We didn’t check any of the BMW models as they switched their entire lineup for 2018. Same goes for all JLR (Jaguar Land Rover) and Minis. We also tied off other brands that have fully switched this year, including Alfa Romeo, Chrysler, Dodge, GMC, Jeep, Lincoln and VW.
We could only find two holdouts, and not surprisingly they are Mazda and Mercedes. The latter makes sense, as there was quite a controversy over the new refrigerant more than 5 years ago that included MB recalling 432 SL-Class yf vehicles through US dealers back in 2012. And now that EPA’s MY2021 cutoff has officially been revoked, there’s a real possibility that we may not see Mercedes use yf in the States for many years (if ever). As it stands now the only reason they would want (or need) to switch is if they really need the CO2 credits (which most manufacturers of large, heavy vehicles with big engines need to meet EPA targets). But Daimler is in a unique position as they build some of the most expensive, high-end luxury vehicles in country, and as such they command a premium which likely includes a few dollars to “purchase credits” from other OEMs who have extra to sell (such as those who focus on smaller, lighter, more fuel-efficient vehicles with smaller engines, hybrids and/or BEVs). Mazda on the other hand is just exactly that. 2019 Mazdas average 28.2 mpg with their lowest (CX-9) getting 23. Meanwhile MB models average only 20.9 mpg. And with both around 2% market share, you’re not dealing with huge offsets anyway.

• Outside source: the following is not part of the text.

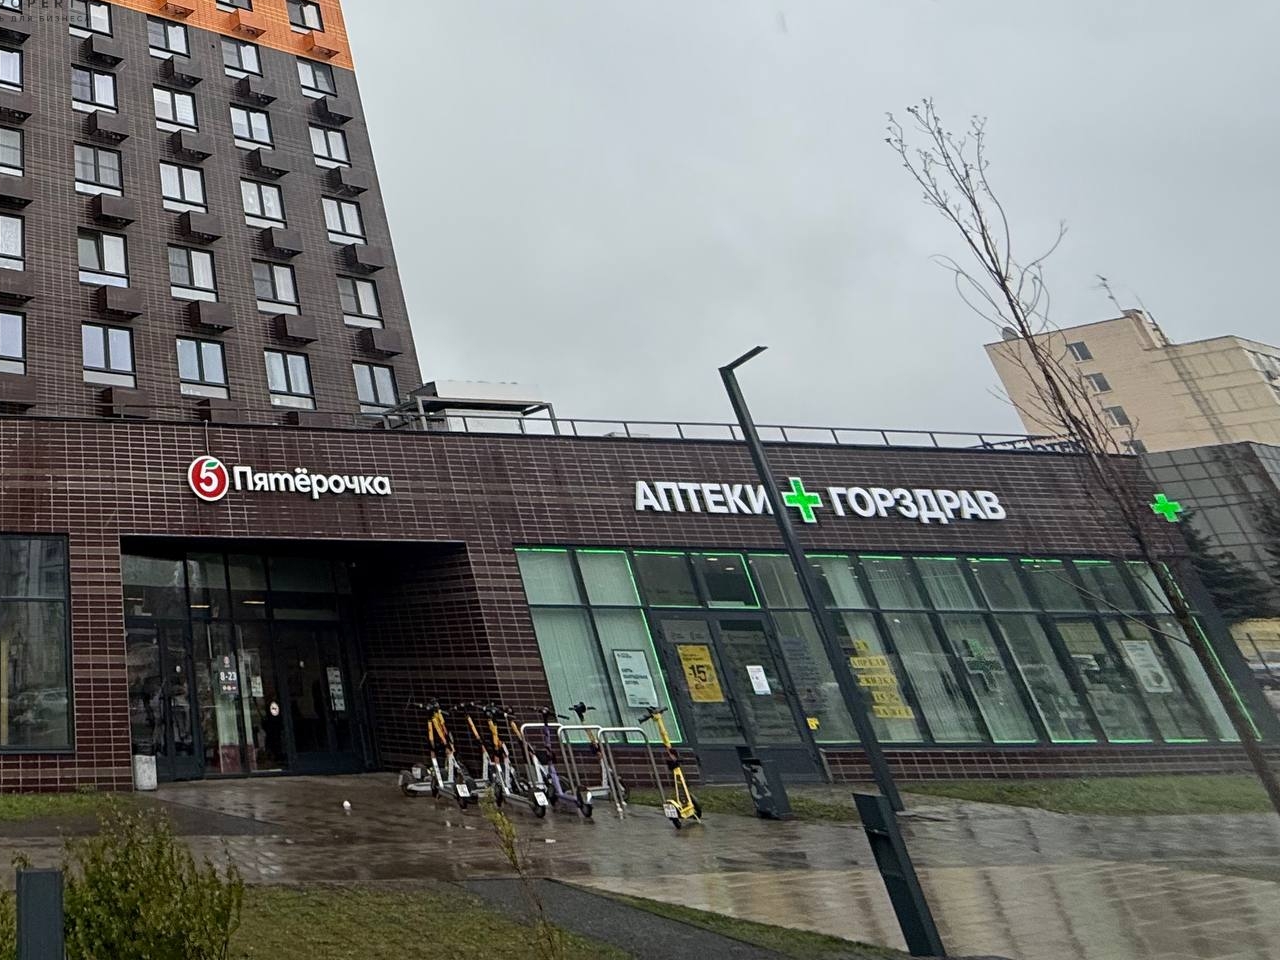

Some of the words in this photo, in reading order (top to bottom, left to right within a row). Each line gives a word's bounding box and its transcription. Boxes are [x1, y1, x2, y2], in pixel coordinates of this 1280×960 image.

[232, 466, 392, 500] Пятёрочка
[635, 480, 774, 515] АПТЕКИ
[827, 486, 1008, 525] ГОРЗДРАВ

Acura converted ILX, MDX and RDX production over to yf, but not all variants. MDX hybrids still use R-134a with ND-OIL11 (POE). And now that Honda uses yf in the HR-V, they have only to change the Fit to complete their lineup.
- Hyundai switched a big portion of their systems this year. Santa Fe, Sonata, Tucson, and Veloster now use yf, which gives Hyundai a 2/3 internal majority. And in most likelihood, two of the models we saw with R-134a (Elantra and Santa Fe XL) were probably built right before the factory switch to yf, considering the Elantra GT and Santa Fe base already use it. If that’s the case, they saved hybrid models for last to switch, and as we’ve seen with others, this too makes sense given their added complexity.